§ **Input**
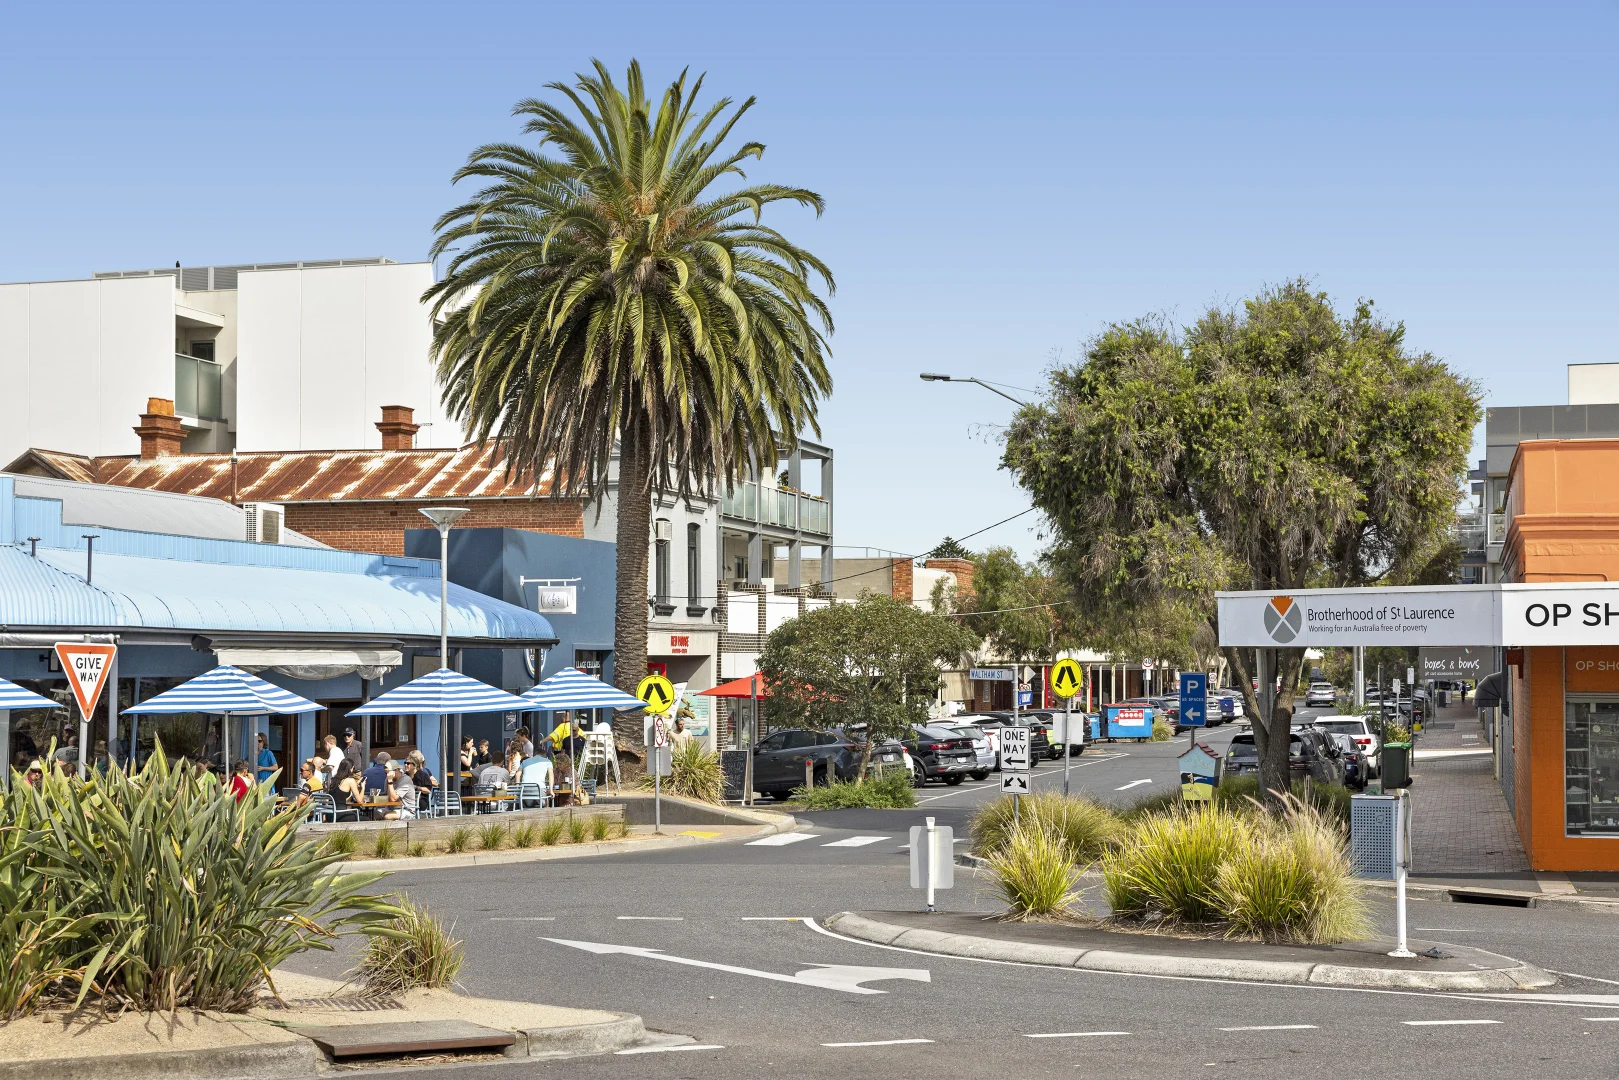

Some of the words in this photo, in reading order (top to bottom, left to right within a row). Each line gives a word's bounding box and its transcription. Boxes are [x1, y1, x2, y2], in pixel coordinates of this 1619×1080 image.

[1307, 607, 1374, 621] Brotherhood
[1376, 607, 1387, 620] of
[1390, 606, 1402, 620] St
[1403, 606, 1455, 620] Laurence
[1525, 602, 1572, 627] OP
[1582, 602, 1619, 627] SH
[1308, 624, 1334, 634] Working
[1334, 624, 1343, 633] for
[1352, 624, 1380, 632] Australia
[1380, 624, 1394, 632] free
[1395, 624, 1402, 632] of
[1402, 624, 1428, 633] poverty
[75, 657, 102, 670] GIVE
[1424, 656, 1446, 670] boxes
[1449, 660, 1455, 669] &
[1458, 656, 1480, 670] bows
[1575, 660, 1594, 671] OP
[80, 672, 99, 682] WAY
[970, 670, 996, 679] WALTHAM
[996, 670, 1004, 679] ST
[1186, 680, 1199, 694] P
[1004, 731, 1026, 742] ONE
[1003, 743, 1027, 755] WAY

§ **Work task**
Produce the entries above once more, exactly as given, with each picture left out.

§ **Response below**
Some of the words in this photo, in reading order (top to bottom, left to right within a row). Each line gives a word's bounding box and its transcription. Boxes are [x1, y1, x2, y2], in pixel coordinates of this 1619×1080 image.

[1307, 607, 1374, 621] Brotherhood
[1376, 607, 1387, 620] of
[1390, 606, 1402, 620] St
[1403, 606, 1455, 620] Laurence
[1525, 602, 1572, 627] OP
[1582, 602, 1619, 627] SH
[1308, 624, 1334, 634] Working
[1334, 624, 1343, 633] for
[1352, 624, 1380, 632] Australia
[1380, 624, 1394, 632] free
[1395, 624, 1402, 632] of
[1402, 624, 1428, 633] poverty
[75, 657, 102, 670] GIVE
[1424, 656, 1446, 670] boxes
[1449, 660, 1455, 669] &
[1458, 656, 1480, 670] bows
[1575, 660, 1594, 671] OP
[80, 672, 99, 682] WAY
[970, 670, 996, 679] WALTHAM
[996, 670, 1004, 679] ST
[1186, 680, 1199, 694] P
[1004, 731, 1026, 742] ONE
[1003, 743, 1027, 755] WAY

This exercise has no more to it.